● **What you should do**
Each record should be written out exactly as given.

● **Stored entries**
-.-.-

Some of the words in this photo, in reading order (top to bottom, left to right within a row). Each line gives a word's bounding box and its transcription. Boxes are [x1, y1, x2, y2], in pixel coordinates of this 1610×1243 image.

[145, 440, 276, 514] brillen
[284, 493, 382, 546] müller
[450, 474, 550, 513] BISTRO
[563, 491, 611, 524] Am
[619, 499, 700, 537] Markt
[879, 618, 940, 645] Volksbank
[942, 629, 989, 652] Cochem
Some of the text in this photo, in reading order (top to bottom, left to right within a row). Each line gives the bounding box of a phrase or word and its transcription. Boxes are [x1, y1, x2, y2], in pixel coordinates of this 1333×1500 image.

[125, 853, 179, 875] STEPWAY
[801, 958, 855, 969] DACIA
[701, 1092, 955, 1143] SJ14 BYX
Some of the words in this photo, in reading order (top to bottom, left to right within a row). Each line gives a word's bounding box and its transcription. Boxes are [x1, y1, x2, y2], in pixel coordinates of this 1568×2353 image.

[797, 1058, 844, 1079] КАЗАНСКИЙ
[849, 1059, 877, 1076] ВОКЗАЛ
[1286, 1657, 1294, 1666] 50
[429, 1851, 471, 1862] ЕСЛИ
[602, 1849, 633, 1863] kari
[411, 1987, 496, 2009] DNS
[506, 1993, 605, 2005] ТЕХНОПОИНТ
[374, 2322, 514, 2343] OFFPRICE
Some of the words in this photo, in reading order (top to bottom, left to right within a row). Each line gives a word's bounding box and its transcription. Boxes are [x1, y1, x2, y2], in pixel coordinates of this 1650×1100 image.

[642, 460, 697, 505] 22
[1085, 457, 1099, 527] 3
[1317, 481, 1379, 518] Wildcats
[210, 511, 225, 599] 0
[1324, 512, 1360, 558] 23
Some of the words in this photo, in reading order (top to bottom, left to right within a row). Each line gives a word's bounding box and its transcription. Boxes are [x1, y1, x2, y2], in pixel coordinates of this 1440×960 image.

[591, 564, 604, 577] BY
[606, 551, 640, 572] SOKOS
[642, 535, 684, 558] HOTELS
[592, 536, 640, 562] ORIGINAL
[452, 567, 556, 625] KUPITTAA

-.-.-

● **Expected answer**
Some of the words in this photo, in reading order (top to bottom, left to right within a row). Each line gives a word's bounding box and its transcription. Boxes are [x1, y1, x2, y2], in pixel coordinates of this 1610×1243 image.

[145, 440, 276, 514] brillen
[284, 493, 382, 546] müller
[450, 474, 550, 513] BISTRO
[563, 491, 611, 524] Am
[619, 499, 700, 537] Markt
[879, 618, 940, 645] Volksbank
[942, 629, 989, 652] Cochem
Some of the text in this photo, in reading order (top to bottom, left to right within a row). Each line gives the bounding box of a phrase or word and its transcription. Boxes are [x1, y1, x2, y2], in pixel coordinates of this 1333×1500 image.

[125, 853, 179, 875] STEPWAY
[801, 958, 855, 969] DACIA
[701, 1092, 955, 1143] SJ14 BYX
Some of the words in this photo, in reading order (top to bottom, left to right within a row). Each line gives a word's bounding box and its transcription. Boxes are [x1, y1, x2, y2], in pixel coordinates of this 1568×2353 image.

[797, 1058, 844, 1079] КАЗАНСКИЙ
[849, 1059, 877, 1076] ВОКЗАЛ
[1286, 1657, 1294, 1666] 50
[429, 1851, 471, 1862] ЕСЛИ
[602, 1849, 633, 1863] kari
[411, 1987, 496, 2009] DNS
[506, 1993, 605, 2005] ТЕХНОПОИНТ
[374, 2322, 514, 2343] OFFPRICE
Some of the words in this photo, in reading order (top to bottom, left to right within a row). Each line gives a word's bounding box and its transcription. Boxes are [x1, y1, x2, y2], in pixel coordinates of this 1650×1100 image.

[642, 460, 697, 505] 22
[1085, 457, 1099, 527] 3
[1317, 481, 1379, 518] Wildcats
[210, 511, 225, 599] 0
[1324, 512, 1360, 558] 23
Some of the words in this photo, in reading order (top to bottom, left to right within a row). Each line gives a word's bounding box and its transcription. Boxes are [x1, y1, x2, y2], in pixel coordinates of this 1440×960 image.

[591, 564, 604, 577] BY
[606, 551, 640, 572] SOKOS
[642, 535, 684, 558] HOTELS
[592, 536, 640, 562] ORIGINAL
[452, 567, 556, 625] KUPITTAA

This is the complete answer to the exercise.